┌──

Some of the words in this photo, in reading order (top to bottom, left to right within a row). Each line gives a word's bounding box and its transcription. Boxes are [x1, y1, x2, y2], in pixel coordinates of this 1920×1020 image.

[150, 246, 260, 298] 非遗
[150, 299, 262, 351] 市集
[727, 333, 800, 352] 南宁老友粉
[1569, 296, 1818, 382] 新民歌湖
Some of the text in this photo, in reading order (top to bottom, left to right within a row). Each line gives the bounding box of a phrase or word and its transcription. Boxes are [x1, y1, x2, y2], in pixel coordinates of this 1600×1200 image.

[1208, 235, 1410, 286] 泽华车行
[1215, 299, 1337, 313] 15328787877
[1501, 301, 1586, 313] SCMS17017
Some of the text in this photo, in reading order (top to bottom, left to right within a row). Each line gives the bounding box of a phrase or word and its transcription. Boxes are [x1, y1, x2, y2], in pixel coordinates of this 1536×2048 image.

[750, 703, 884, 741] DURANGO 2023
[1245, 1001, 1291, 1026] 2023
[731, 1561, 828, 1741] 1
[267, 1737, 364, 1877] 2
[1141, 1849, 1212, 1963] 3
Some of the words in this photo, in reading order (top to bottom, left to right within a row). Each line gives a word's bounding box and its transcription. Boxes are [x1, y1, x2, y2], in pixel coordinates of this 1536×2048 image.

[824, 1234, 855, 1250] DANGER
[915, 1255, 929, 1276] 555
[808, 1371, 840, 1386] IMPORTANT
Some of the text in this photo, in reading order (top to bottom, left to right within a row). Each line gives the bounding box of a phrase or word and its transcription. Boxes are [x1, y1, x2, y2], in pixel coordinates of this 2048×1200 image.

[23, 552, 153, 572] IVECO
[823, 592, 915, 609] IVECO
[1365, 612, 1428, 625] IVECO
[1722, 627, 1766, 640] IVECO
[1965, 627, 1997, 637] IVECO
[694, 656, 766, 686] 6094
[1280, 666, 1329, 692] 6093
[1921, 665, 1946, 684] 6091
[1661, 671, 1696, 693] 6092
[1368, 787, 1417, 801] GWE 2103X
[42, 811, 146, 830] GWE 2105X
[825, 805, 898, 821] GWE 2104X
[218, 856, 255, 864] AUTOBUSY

└──

Task requirements – Retype, without any change, the lines from the one containing "this 1600×1200 image." through the final line of the material above, and no others.

Exercise solution –
Some of the text in this photo, in reading order (top to bottom, left to right within a row). Each line gives the bounding box of a phrase or word and its transcription. Boxes are [x1, y1, x2, y2], in pixel coordinates of this 1600×1200 image.

[1208, 235, 1410, 286] 泽华车行
[1215, 299, 1337, 313] 15328787877
[1501, 301, 1586, 313] SCMS17017
Some of the text in this photo, in reading order (top to bottom, left to right within a row). Each line gives the bounding box of a phrase or word and its transcription. Boxes are [x1, y1, x2, y2], in pixel coordinates of this 1536×2048 image.

[750, 703, 884, 741] DURANGO 2023
[1245, 1001, 1291, 1026] 2023
[731, 1561, 828, 1741] 1
[267, 1737, 364, 1877] 2
[1141, 1849, 1212, 1963] 3
Some of the words in this photo, in reading order (top to bottom, left to right within a row). Each line gives a word's bounding box and its transcription. Boxes are [x1, y1, x2, y2], in pixel coordinates of this 1536×2048 image.

[824, 1234, 855, 1250] DANGER
[915, 1255, 929, 1276] 555
[808, 1371, 840, 1386] IMPORTANT
Some of the text in this photo, in reading order (top to bottom, left to right within a row). Each line gives the bounding box of a phrase or word and its transcription. Boxes are [x1, y1, x2, y2], in pixel coordinates of this 2048×1200 image.

[23, 552, 153, 572] IVECO
[823, 592, 915, 609] IVECO
[1365, 612, 1428, 625] IVECO
[1722, 627, 1766, 640] IVECO
[1965, 627, 1997, 637] IVECO
[694, 656, 766, 686] 6094
[1280, 666, 1329, 692] 6093
[1921, 665, 1946, 684] 6091
[1661, 671, 1696, 693] 6092
[1368, 787, 1417, 801] GWE 2103X
[42, 811, 146, 830] GWE 2105X
[825, 805, 898, 821] GWE 2104X
[218, 856, 255, 864] AUTOBUSY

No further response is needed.